Upon his arrival in America in 1529, the missionary Fray Bernardino de SahagĂșn was surprised by the “black mushrooms” that the Aztecs consumed in their ceremonies. “They intoxicate and give visions and even provoke lust,” he wrote. “When they began to get used to them, they began to dance and some sang and others cried, because they were already drunk on mushrooms.”

The testimony, collected in one of the volumes of General History of Things in New Spain (written between 1540 and 1565) also describes mood transitions after eating mushrooms. “Some who would not sing sat in their rooms and were there as if they were pensive and some saw in vision that they were dying and wept,” he wrote. “When the intoxication of the mushrooms had passed, they talked to each other about the visions they had seen.”

The anecdote is repeated in some texts that the missionaries wrote upon their arrival in America and constitutes irrefutable proof that humanity has been consuming psychedelic substances for centuries. However, the antecedents could go much further and some would place it in the Stone Age (a period that extended from 3 million years ago to 40,000 years ago).

The book by author Naief Yehya The Mushroom Planet (Anagrama) elaborates an anthropological and cultural journey of all the societies that consumed (or suppose they took) hallucinogenic mushrooms or other entheogenic substances.
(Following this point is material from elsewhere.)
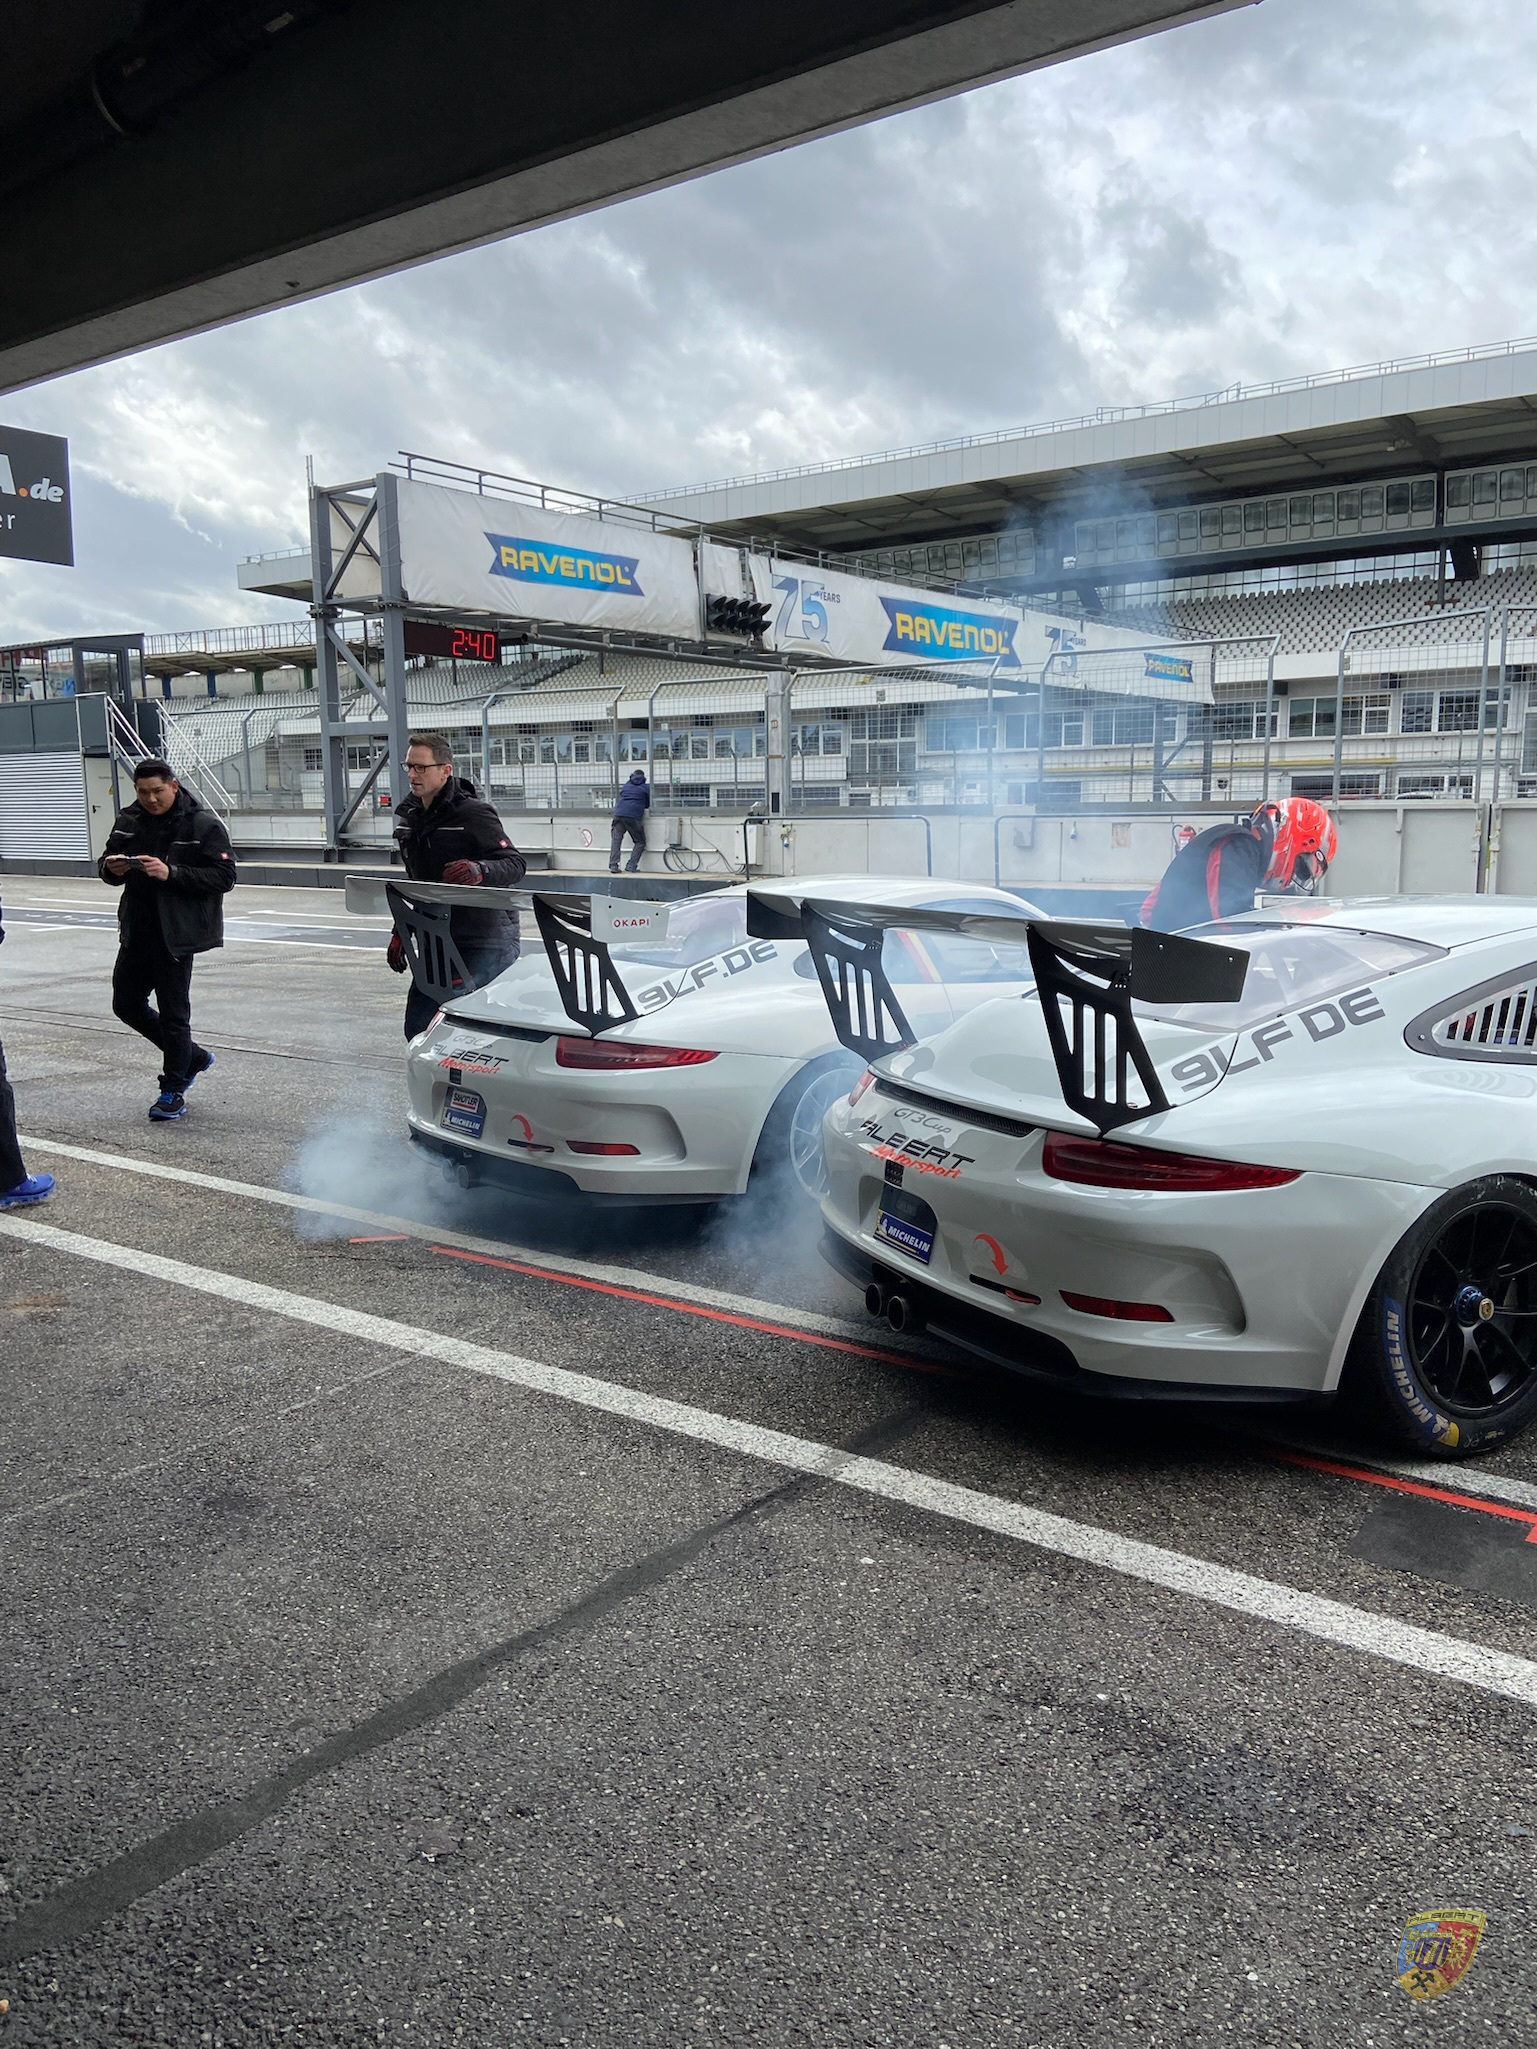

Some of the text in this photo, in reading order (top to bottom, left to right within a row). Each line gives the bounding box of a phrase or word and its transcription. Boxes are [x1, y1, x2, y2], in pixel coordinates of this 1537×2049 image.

The path extends from prehistory to the present day, where the substance has undergone a cultural renaissance and has been adopted even by employees of Silicon Valley technology companies.

“It is impossible to know when our ancestors tried psychoactive mushroom species and when they found ritual use for them,” the author writes. “There is evidence in petroglyphs, wall paintings, and carved stones of prehistoric mycolatry that has survived and spread to influence modern religions by inducing mystical experiences.”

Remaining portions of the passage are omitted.